Einige Importeure wie Shell und RWE haben bereits angekündigt, dass sie bis auf Weiteres auf Anträge für Ausgleichszahlungen verzichten und die Mehrkosten selbst tragen werden. Möglicherweise möchten sie damit einer Debatte über Übergewinnsteuern den Wind aus den Segeln nehmen.
Gas-Speicherung verursacht weitere Kosten
Die Bundesregierung möchte für den Winter Gas-Vorräte anlegen. Zum 1.11.2022 sollen die deutschen Speicher zu 95 Prozent gefüllt sein, um gut über den Winter zu kommen. Mitte August 2022 waren sie bereits zu mehr als 75 Prozent gefüllt.
Das Unternehmen Trading Hub Europe (THE) sorgt dafür, dass Gas auf Vorrat besorgt wird – doch auch das verursacht Kosten. Diese Kosten werden ab dem 1.10.2022 als Gasspeicherumlage in Höhe von 0,059 Cent je Kilowattstunde über die Versorger an die Kunden weitergegeben werden.

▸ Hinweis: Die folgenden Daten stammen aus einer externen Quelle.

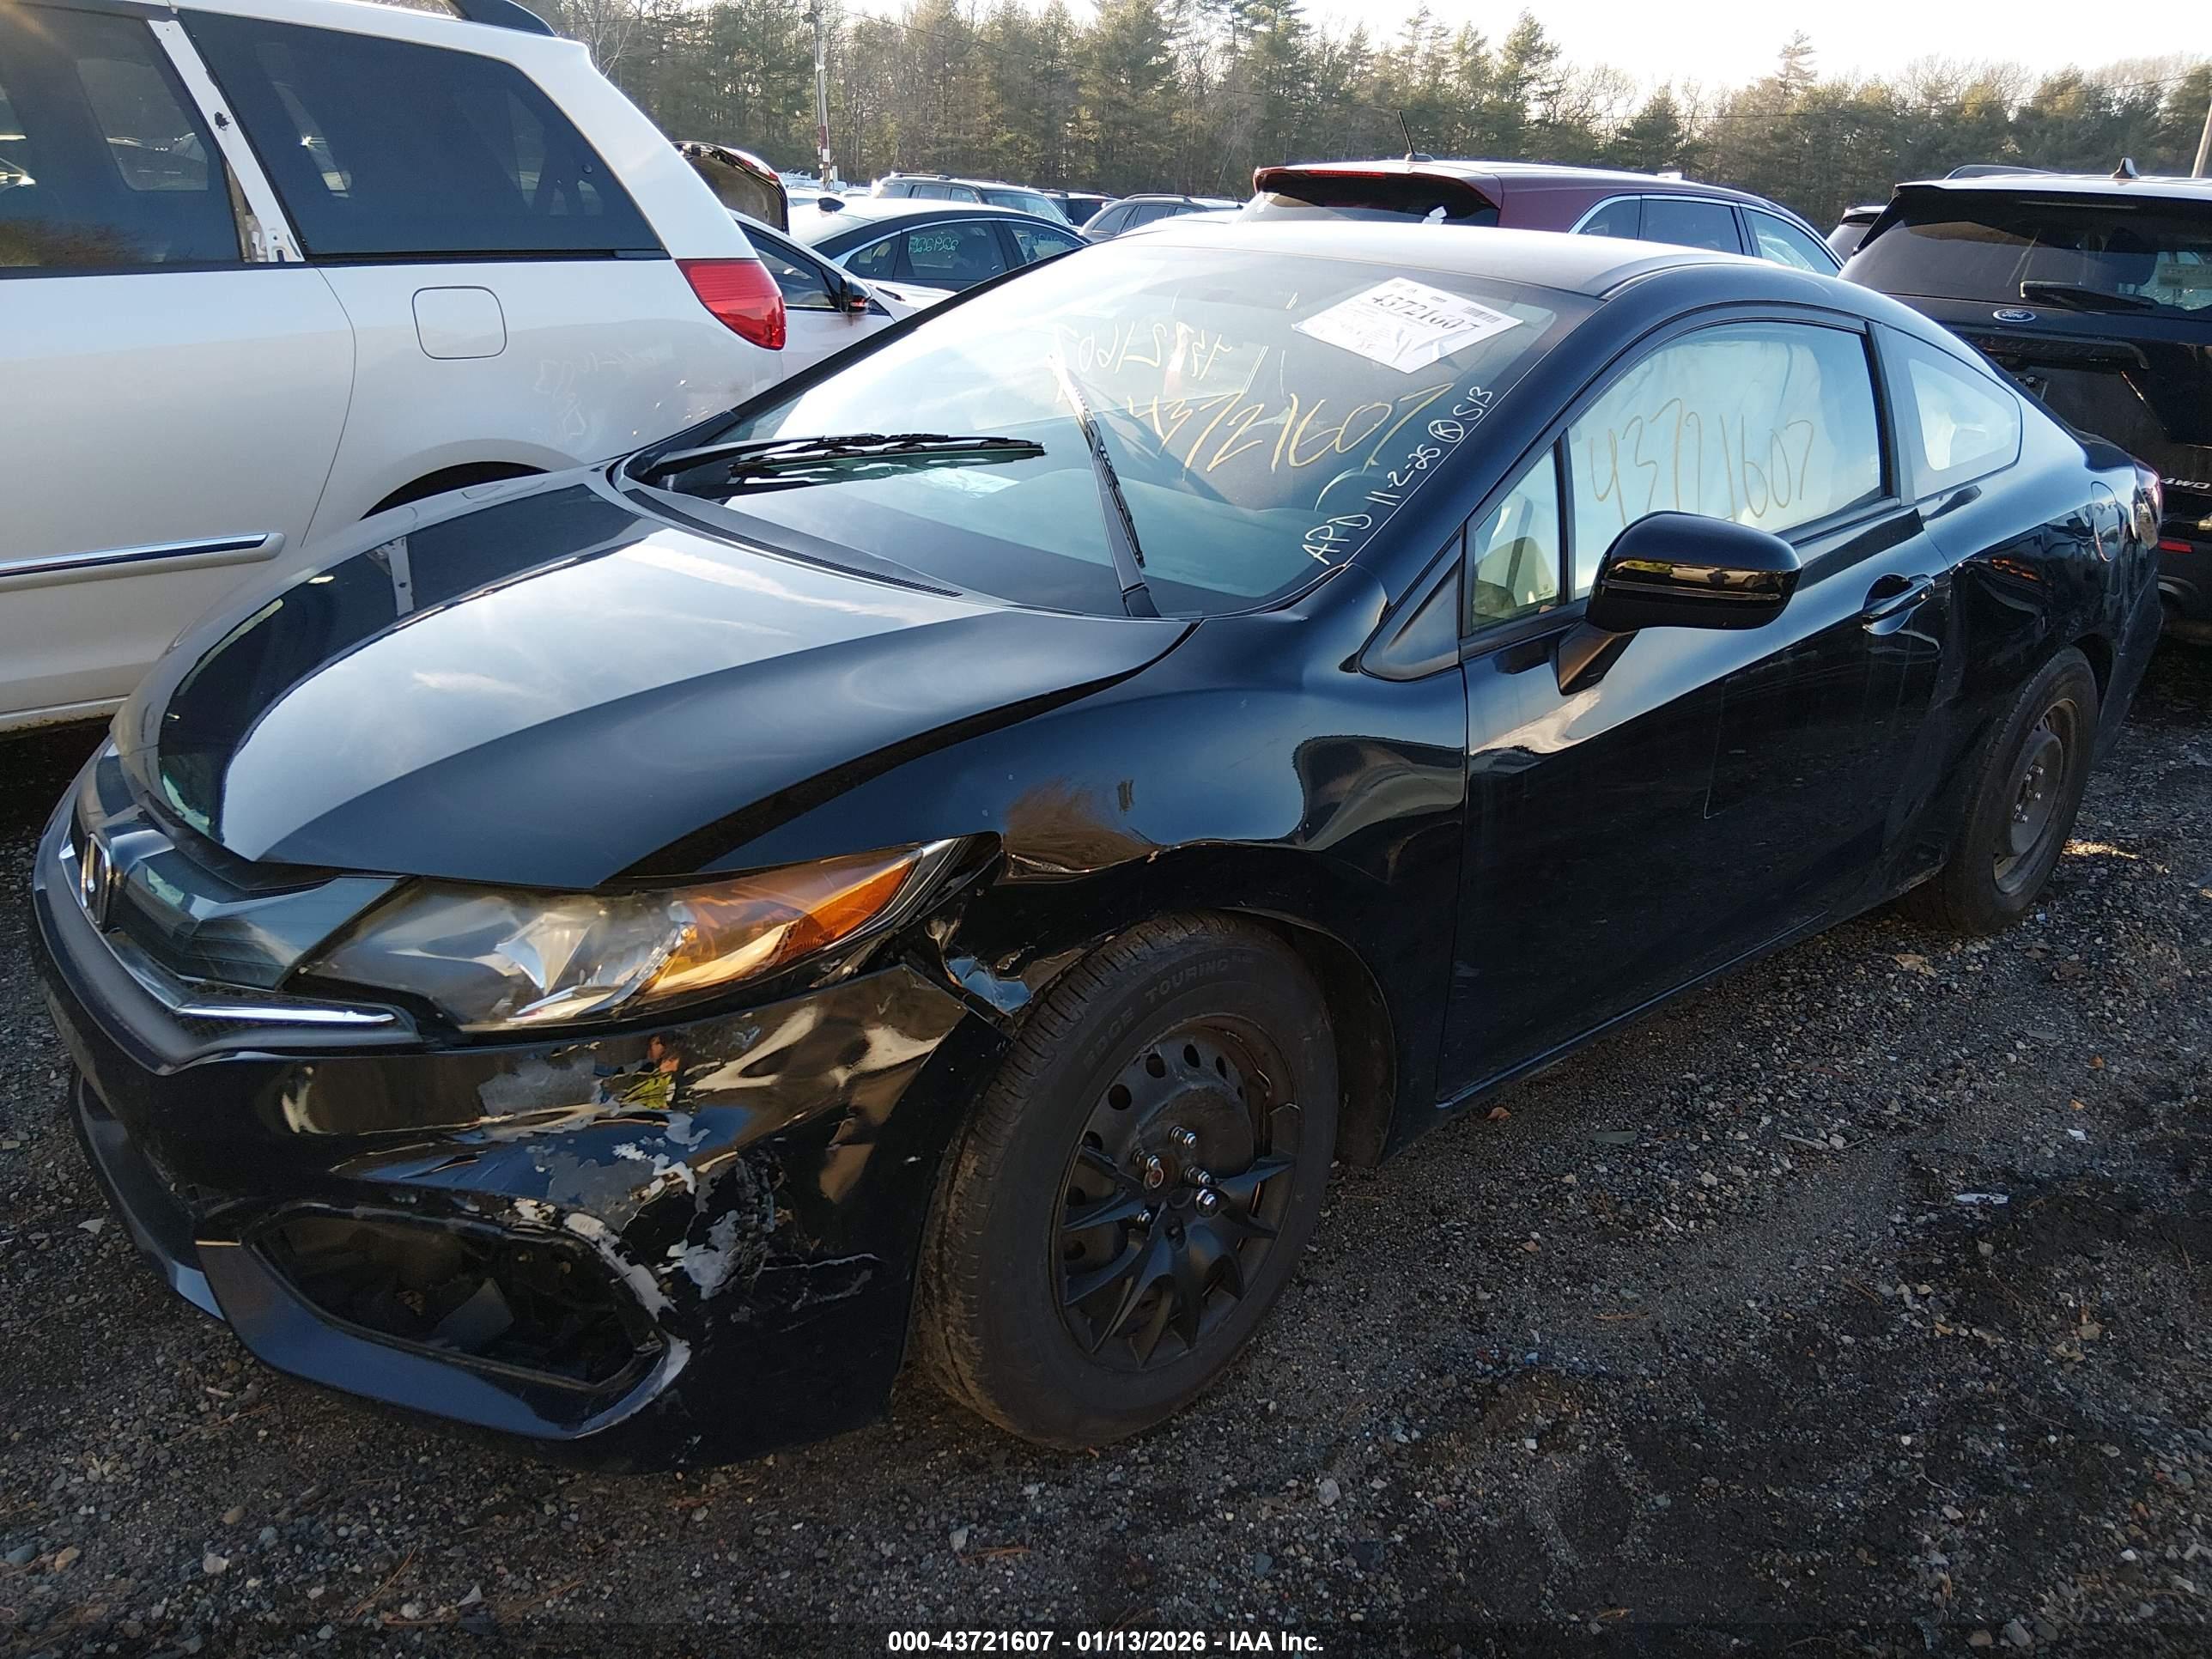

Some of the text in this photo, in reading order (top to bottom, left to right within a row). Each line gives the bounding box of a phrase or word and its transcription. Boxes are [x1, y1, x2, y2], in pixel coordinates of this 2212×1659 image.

[1371, 294, 1480, 330] 43721607
[1127, 382, 1455, 482] 43721607
[2160, 477, 2211, 489] 4WD
[1145, 957, 1229, 1003] TOURING

Außerdem müssen Gasversorger ab Oktober auf jede von Haushalten und kleinen Firmen verbrauchte Kilowattstunde Erdgas 0,57 Cent für sogenannte Regelenergie zahlen. Bei großen Firmen beträgt die Umlage 0,39 Cent je Kilowattstunde. Regelenergie ist Gas, das eingesetzt wird, um das Gasnetz stabil zu halten. Die Regelenergieumlage gibt es schon mehrere Jahre. Sie wird jedes Jahr neu festgesetzt. Aktuell liegt sie bei null Euro. Hauptgrund für den Anstieg sind laut THE die stark gestiegenen Gaspreise im Großhandel.

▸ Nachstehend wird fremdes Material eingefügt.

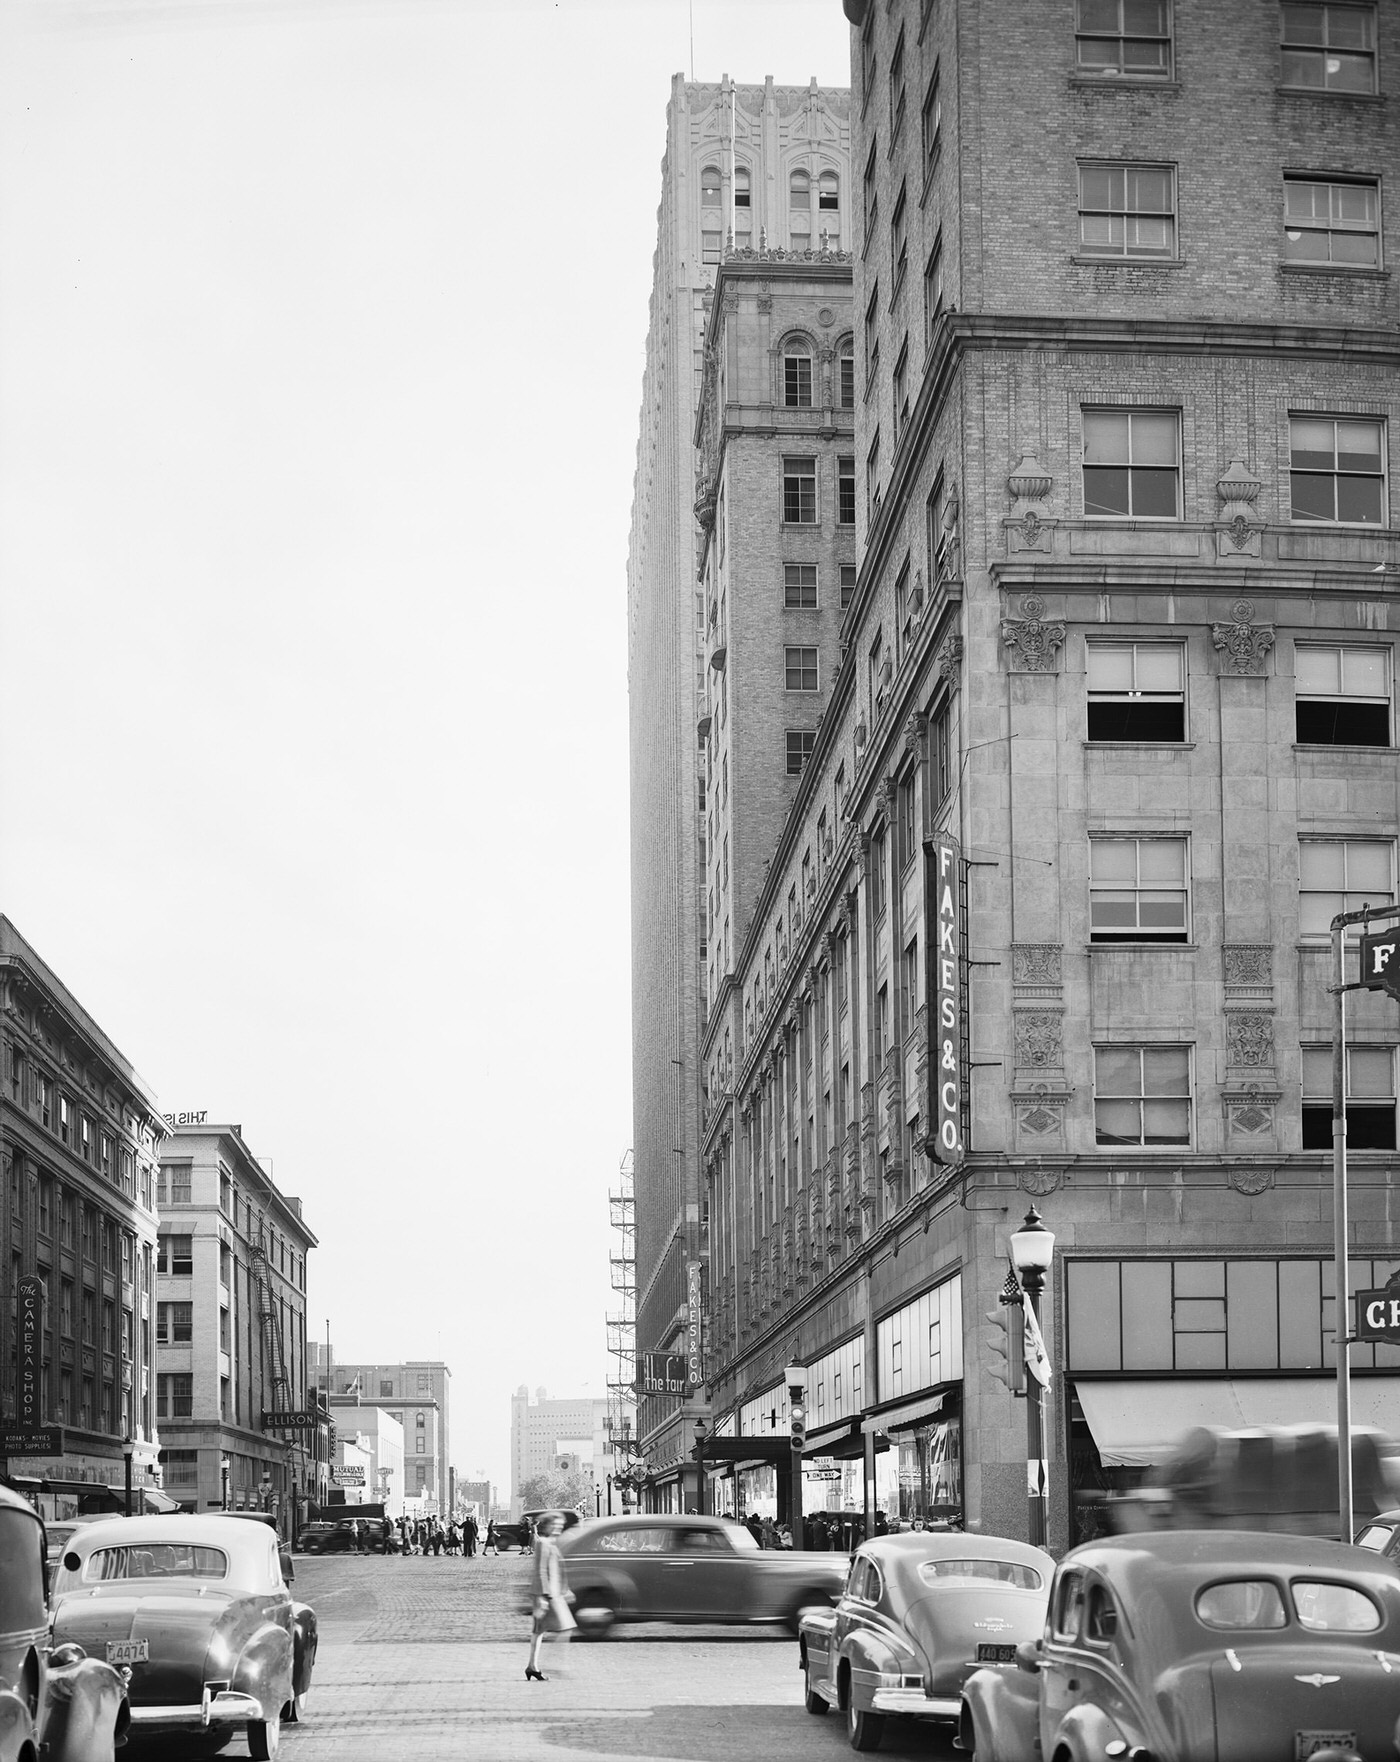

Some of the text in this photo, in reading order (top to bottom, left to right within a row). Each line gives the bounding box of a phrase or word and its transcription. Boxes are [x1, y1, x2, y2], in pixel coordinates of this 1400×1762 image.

[941, 846, 955, 1029] FAKES
[942, 1039, 956, 1072] &
[20, 1283, 37, 1297] The
[689, 1266, 698, 1337] FAKES
[24, 1298, 35, 1366] CAMERA
[689, 1341, 698, 1353] &
[645, 1354, 685, 1392] the fair
[23, 1371, 34, 1416] SHOP
[267, 1415, 313, 1426] ELLISON
[116, 1644, 145, 1660] 4474

So möchte die Bundesregierung die Energiepreise für Verbraucher senken
Um die Belastungen durch steigende Energiekosten für Verbraucherinnen und Verbraucher abzumildern, will die Bundesregierung die Mehrwertsteuer auf Gas vorübergehend senken. Sie soll zeitlich befristet bis Ende März 2024 sieben anstatt 19 Prozent betragen, gab Bundeskanzler Olaf Scholz (SPD) am 18. August in Berlin bekannt. Er erwarte von den Unternehmen, dass sie die Steuersenkung eins zu eins an die Verbraucherinnen und Verbraucher weitergeben.

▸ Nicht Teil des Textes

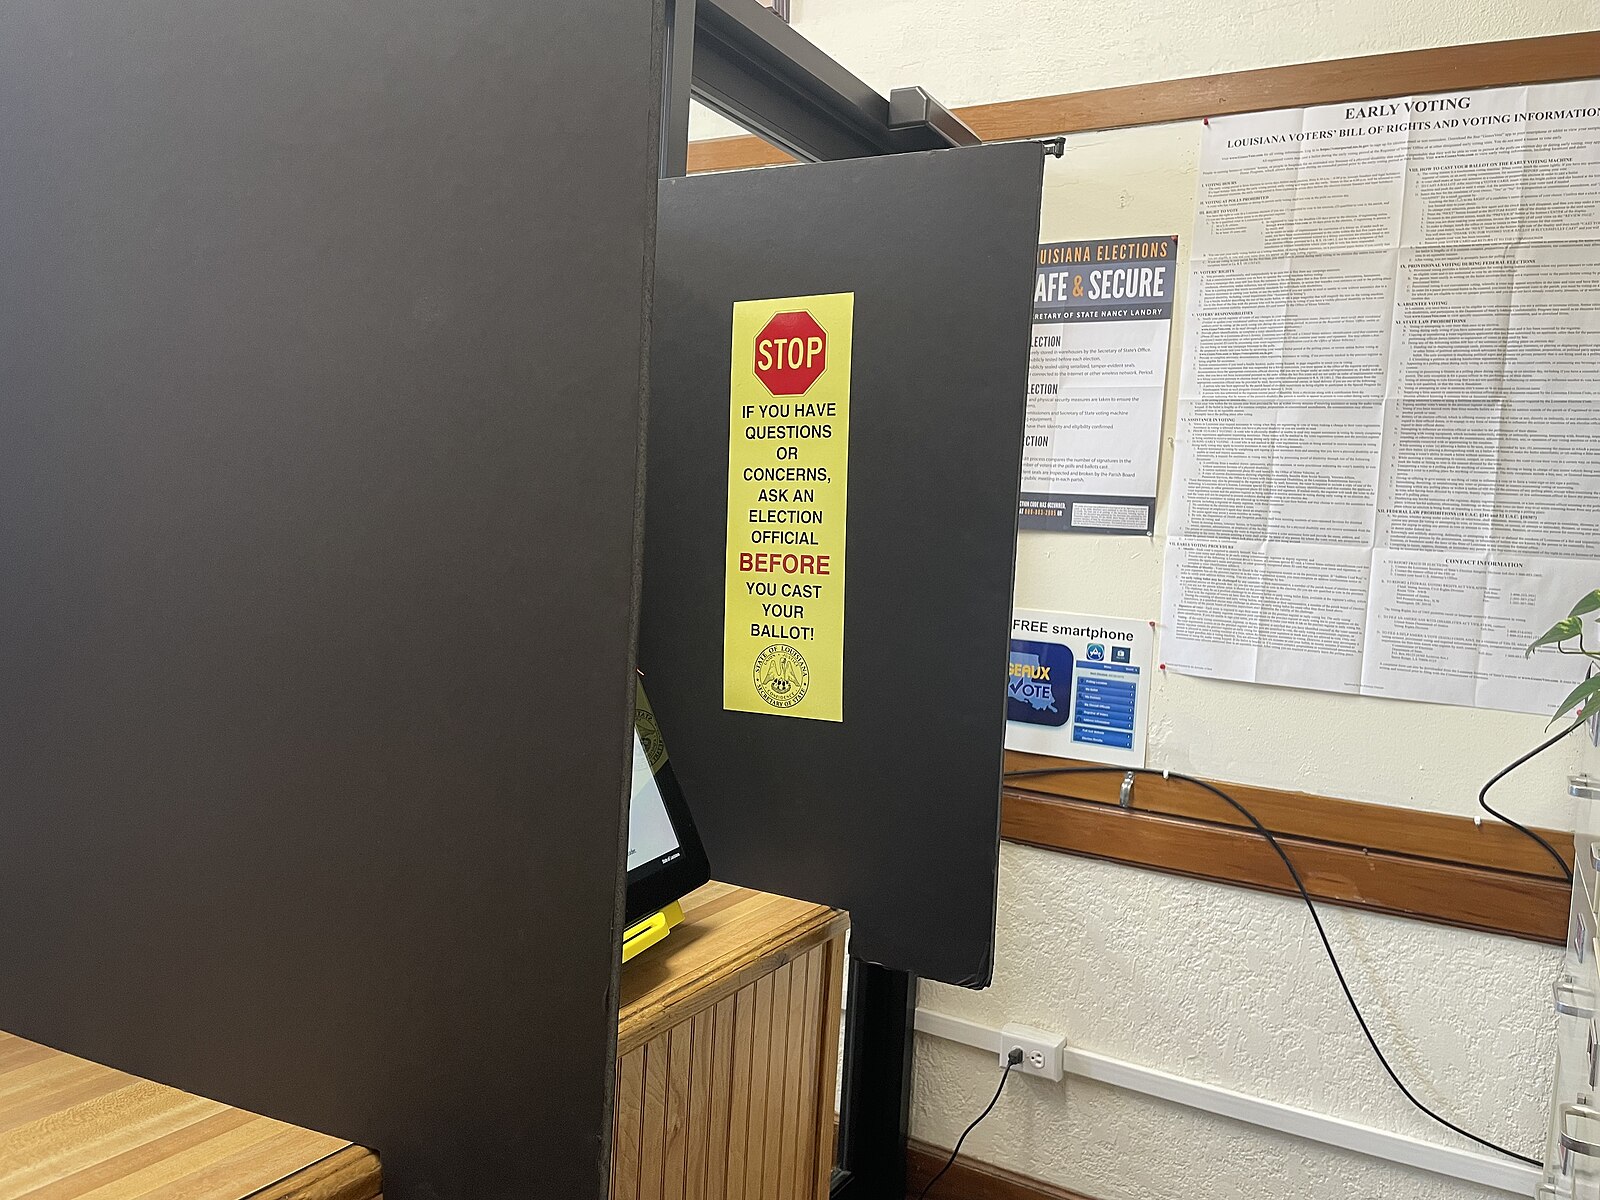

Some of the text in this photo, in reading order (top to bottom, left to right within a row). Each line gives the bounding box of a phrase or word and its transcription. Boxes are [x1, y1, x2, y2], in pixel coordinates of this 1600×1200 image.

[1345, 97, 1470, 120] EARLY VOTING
[1227, 135, 1286, 148] LOUISIANA
[1339, 129, 1366, 138] BILL
[1368, 126, 1384, 134] OF
[1387, 121, 1431, 134] RIGHTS
[1433, 119, 1459, 129] AND
[1462, 115, 1511, 126] VOTING
[1040, 242, 1168, 264] UISIANA ELECTIONS
[1034, 272, 1068, 302] AFE
[1072, 275, 1083, 296] &
[1088, 267, 1165, 300] SECURE
[1034, 312, 1062, 320] RETARY
[1131, 308, 1162, 316] LANDRY
[1031, 336, 1061, 347] ECTION
[758, 337, 823, 370] STOP
[742, 403, 836, 418] IF YOU HAVE
[746, 425, 832, 439] QUESTIONS
[1024, 436, 1048, 447] CTION
[777, 447, 797, 460] OR
[744, 468, 831, 483] CONCERNS,
[758, 489, 813, 502] ASK AN
[749, 510, 822, 523] ELECTION
[752, 530, 818, 545] OFFICIAL
[740, 553, 830, 575] BEFORE
[746, 582, 822, 598] YOU CAST
[762, 604, 803, 618] YOUR
[751, 624, 814, 640] BALLOT!
[1013, 620, 1134, 641] FREE smartphone
[756, 653, 767, 673] STATE
[781, 646, 807, 676] LOUISIANA
[757, 685, 783, 706] SECRETARY
[793, 688, 805, 703] STATE

Nach einer Berechnung des Preisvergleichsportals Check 24 kompensiert die Mehrwertsteuersenkung die Mehrkosten durch die Umlagen allerdings nicht vollständig. Bei einem Einfamilienhaus mit einem Verbrauch von 20.000 Kilowattstunden (kWh) pro Jahr sorge der ermäßigte Steuersatz für eine Einsparung von 375 Euro pro Jahr.
Schon durch die Gasumlage entstehen dem Haushalt aber Mehrkosten von knapp 518 Euro, die Umlage für Regelenergie schlägt nochmal mit 122 und die Gasspeicherumlage mit 13 Euro zu buche. Mehrkosten in Höhe von 278 Euro bleiben also trotz Steuersenkung am Haushalt hängen.
Diese Kosten kommen auf Verbraucher zu
Kosten durch die Preissteigerungen:
Eine Familie, die in einem Einfamilienhaus mit etwa 150 Quadratmeter lebt, verbraucht im Durchschnitt circa 20.000 Kilowattstunden Erdgas pro Jahr für die Heizung. Nach Berechnungen des Vergleichsportals Check24 zahlte ein solcher Haushalt im August 2022 15,63 Cent pro Kilowattstunde ohne Mehrwertsteuer. Im Vergleich zu August 2021 ist das ein Anstieg um 185 Prozent, also beinahe eine Verdreifachung des Preises. Bei einer Mehrwertsteuer von sieben Prozent kommt man damit auf eine Jahresrechnung von 3.342 Euro.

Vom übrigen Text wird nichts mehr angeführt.